For other companies caught one way or another in the political crossfire—Target, Anheuser-Busch, Costco—it’s a year that offers lots of bad options concerning brand and reputational risk as America’s politics continue get more strained. And pained.
Even America as a brand is in play, the golden door having been slammed shut, the world leader now becoming isolationist. The president of the U.S. dissing Canada, geography’s nicest neighbors, has set off a boycott by Canadian tourists that is already apparent in places like Las Vegas, New York, and Florida.
Within this political maelstrom, companies are trying to figure out is whether consumers are going to turn every purchase decision into a political one. As for me, I'm just trying to buy paper towels on the cheap. Does my cereal choice really have to be a commentary on the Trump Administration? Can’t a hamburger just be a hamburger? Increasingly, the answer is no.
The Hazard of Getting Outside the Brand Fit
Of all the corporate jobs I wouldn’t want to have right now—other than DEI director—brand manager might be one of them. This used to be a fairly straightforward assignment. If you are in charge of say, Ivory Soap, your job is to make sure the brand speaks to purity, cleanliness and motherhood.
But in our over-politicized world, virtue signaling and value signaling can trip over each other. And when they do, there’s trouble. We saw this happen, most spectacularly, when Anheuser-Busch’s Bud Lite brand decided to do a promotion with a transgender influencer Dylan Mulvaney. There was an actual brand fit—Bud Lite has a longstanding marketing presence in the LBGTQ community, just as it does in deep red areas. And given that Bud Lite had run some pretty insipid creative in the past (and I’m talking about you, Spuds MacKenzie), this promotion should have had a half-life of about 30 seconds.

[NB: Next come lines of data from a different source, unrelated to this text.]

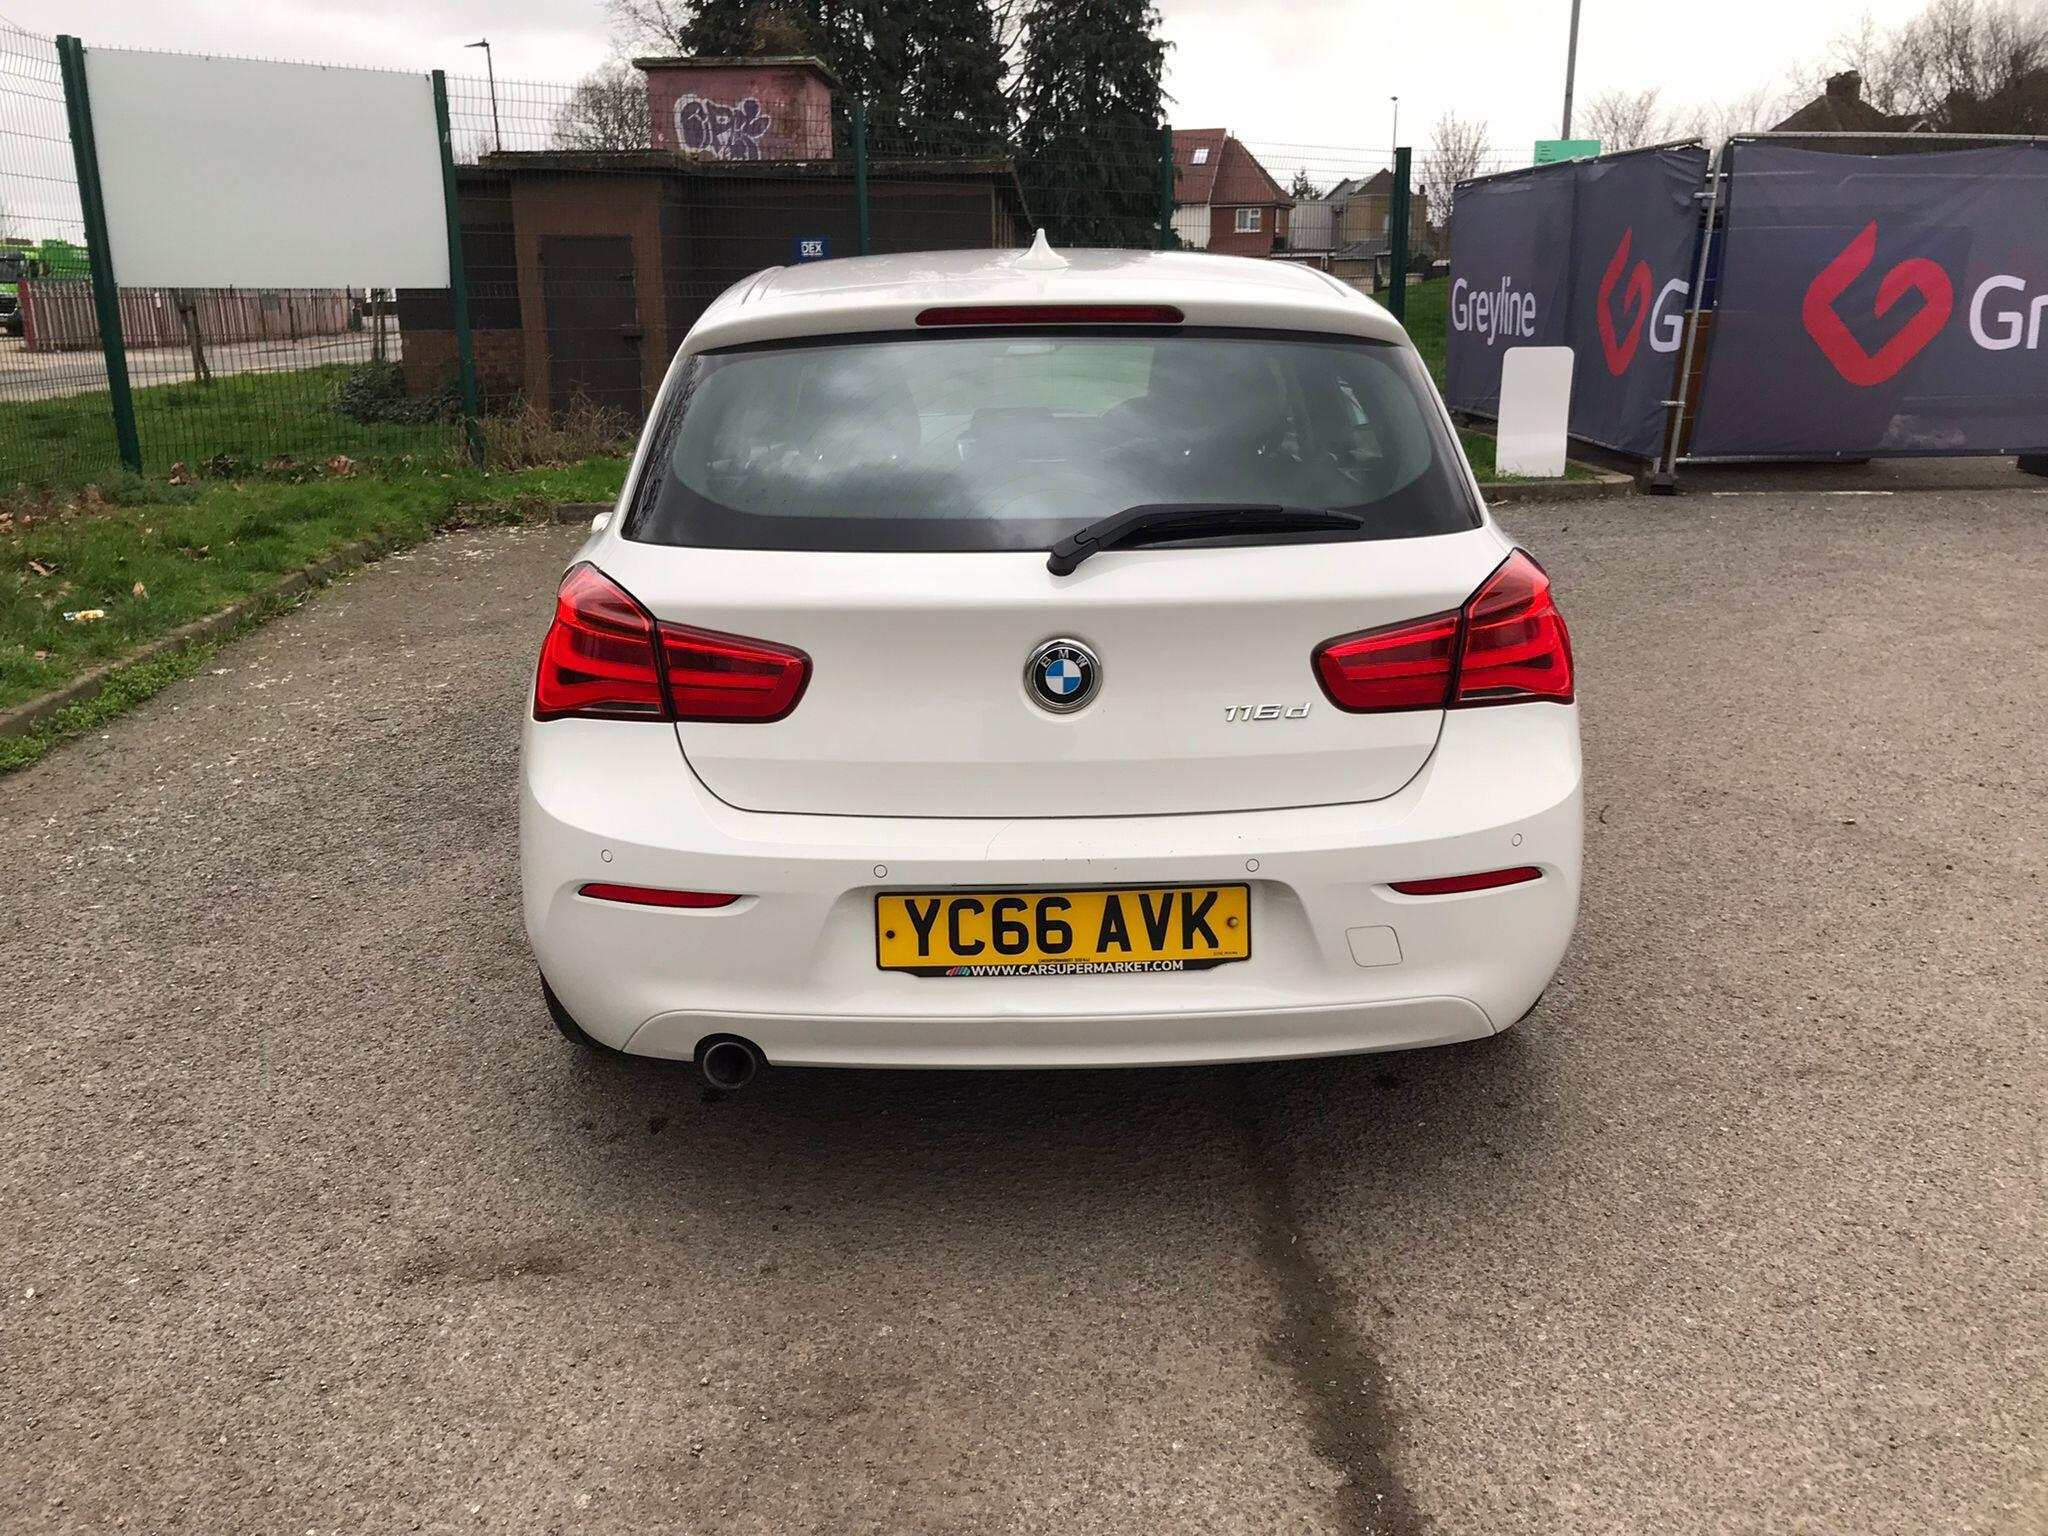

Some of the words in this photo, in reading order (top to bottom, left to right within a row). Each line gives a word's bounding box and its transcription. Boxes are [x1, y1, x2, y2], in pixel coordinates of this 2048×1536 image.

[800, 242, 823, 254] DEX
[1451, 275, 1536, 346] Greyline
[1040, 649, 1088, 668] BMW
[1224, 702, 1311, 722] 116d
[904, 896, 1073, 957] YC66
[1096, 891, 1219, 953] AVK
[971, 959, 1184, 976] WWW.CARSUPERMARKET.COM

But Bud’s umbrella brand image of traditional American masculinity—all of it pulled by Clydesdale horses—was too much for MAGA America, which staged a loud boycott. Bud Lite’s sales tanked until the company counter-programmed with the reddest of red, white and blue advertising. Gay and trans people are still drinking Bud Lite, presumably, but you are just not going to see that highlighted as much.
You can call A-B a coward for being bullied, but brands, and the companies behind them, adjust their identities at considerable peril. Consider what happened to BP, the British oil giant that tried to reposition itself as a green energy company. Then its Texas refinery blew up, revealing the firm’s horrible environmental record. Granted, oil companies did green energy pantomime during the Biden Administration, but they are suddenly oil-and-gas companies again, as opposed to the energy companies.

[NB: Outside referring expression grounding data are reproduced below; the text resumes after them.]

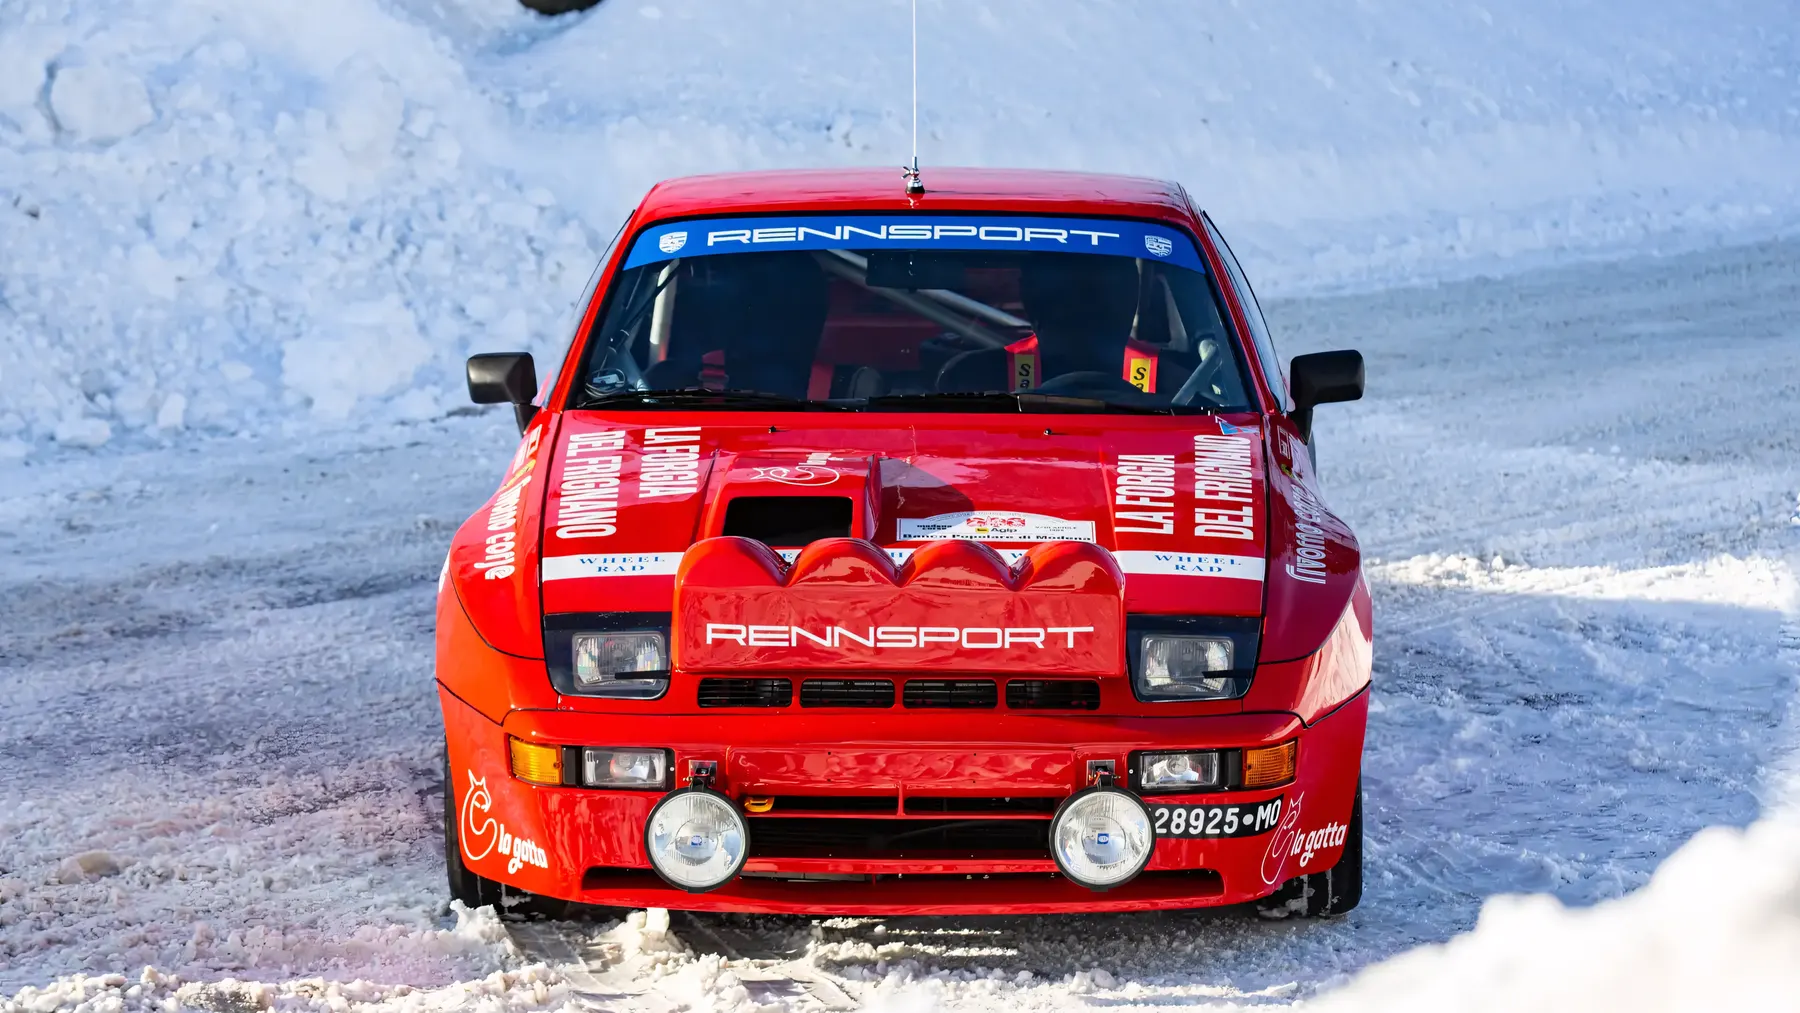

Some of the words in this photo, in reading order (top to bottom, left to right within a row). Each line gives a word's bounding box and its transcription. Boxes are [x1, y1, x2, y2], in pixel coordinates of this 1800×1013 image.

[707, 225, 1120, 246] RENNSPORT
[566, 430, 626, 457] DEL
[644, 427, 701, 444] LA
[639, 445, 700, 498] FORGIA
[1115, 454, 1176, 507] FORGIA
[1193, 434, 1253, 502] FRIGNANO
[556, 456, 623, 539] FRIGNANO
[1114, 511, 1174, 535] LA
[1194, 506, 1254, 540] DEL
[579, 556, 665, 564] WHEEL
[1154, 554, 1242, 566] WHEEL
[1174, 564, 1223, 573] RAD
[705, 623, 1094, 649] RENNSPORT
[497, 824, 512, 855] la
[512, 836, 549, 874] gatta
[1290, 828, 1304, 857] la
[1299, 821, 1347, 867] gatta

And maybe that kind of honesty is preferable. Resource extraction is a dirty business. If you’re driving a gasoline-powered auto, maybe you shouldn’t expect chlorophyl from a hydrocarbon seller; just fill’er up, shut up, and drive.

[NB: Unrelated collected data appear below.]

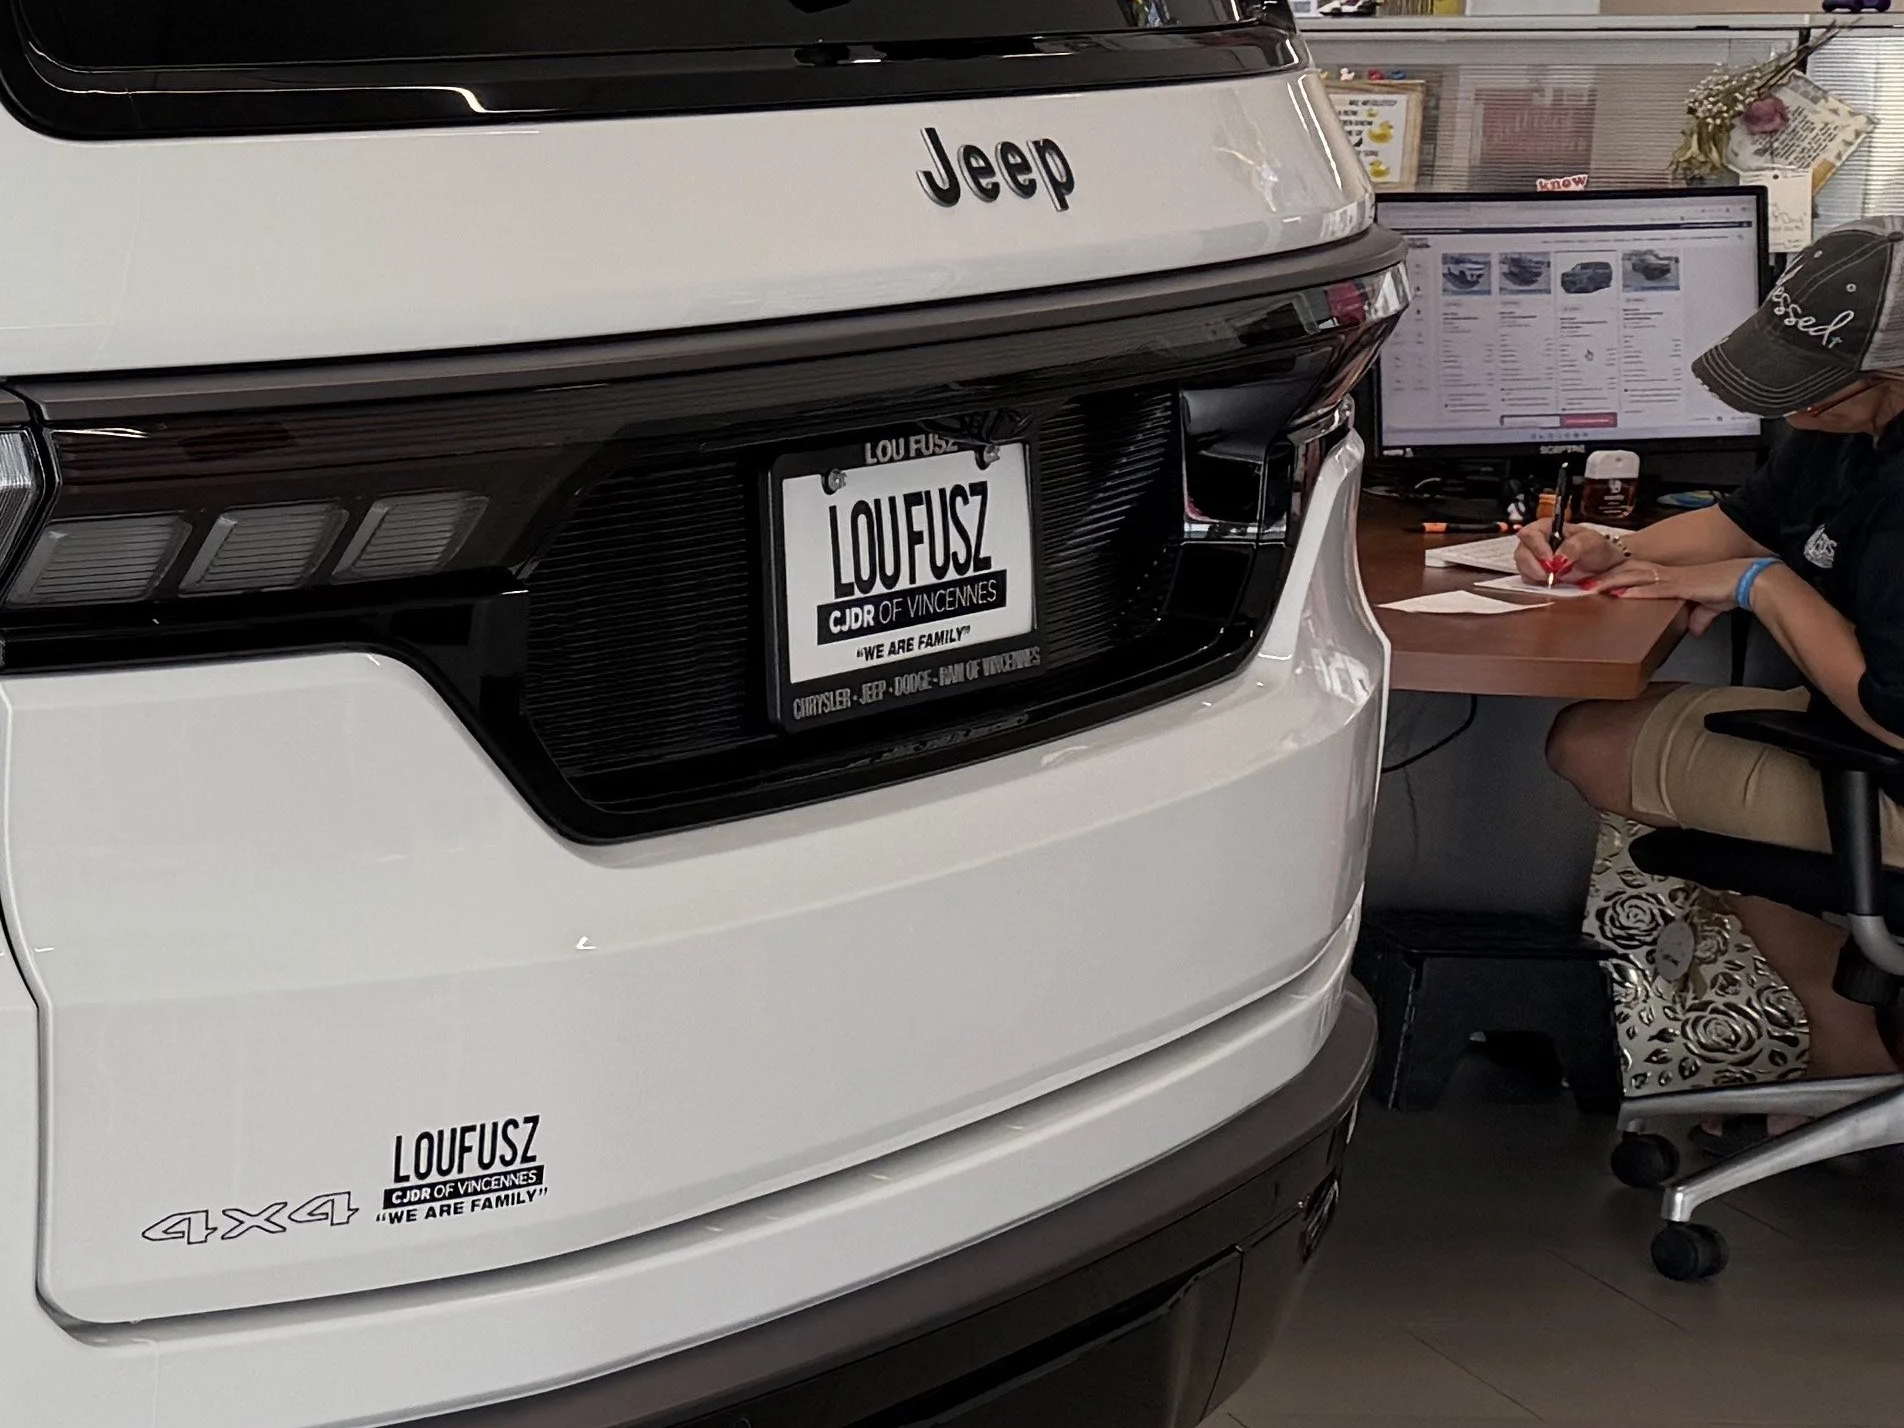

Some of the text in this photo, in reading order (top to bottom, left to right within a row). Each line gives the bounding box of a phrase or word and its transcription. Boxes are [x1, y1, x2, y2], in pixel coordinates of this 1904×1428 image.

[916, 127, 1075, 212] Jeep
[1538, 176, 1588, 191] know
[865, 433, 959, 465] LOU FUSZ
[829, 579, 997, 634] CJDR OF VINCENNES
[888, 637, 915, 657] ARE
[793, 688, 852, 720] CHRYSLER
[859, 680, 887, 705] JEEP
[894, 670, 934, 697] DODGE
[966, 658, 982, 681] OF
[391, 1169, 538, 1205] CJDR OF VINCENNES
[424, 1200, 466, 1220] ARE

But if you want to know how to do down-and-dirty, there’s Waste Management, now known as WM, which has managed to raise trash removal to some kind of sacred environmental mission. WM’s communications all but scream, “We love garbage!” It’s a clear corporate statement that shareholders and other constituencies can understand.
How Much Leeway Does a Brand Have?
A company’s brand or trademark is often explained in terms of permission: What does your brand or logo allow you to offer customers? Being Budweiser gives you permission to market the beer made by a company founded by a German immigrant—that is now part of a Belgian-Brazilian conglomerate—as All-American. But Anheuser-Busch earned that permission over the last 100 years of brand communication. What it doesn’t permit you to do is engage in identity politics, at least not today.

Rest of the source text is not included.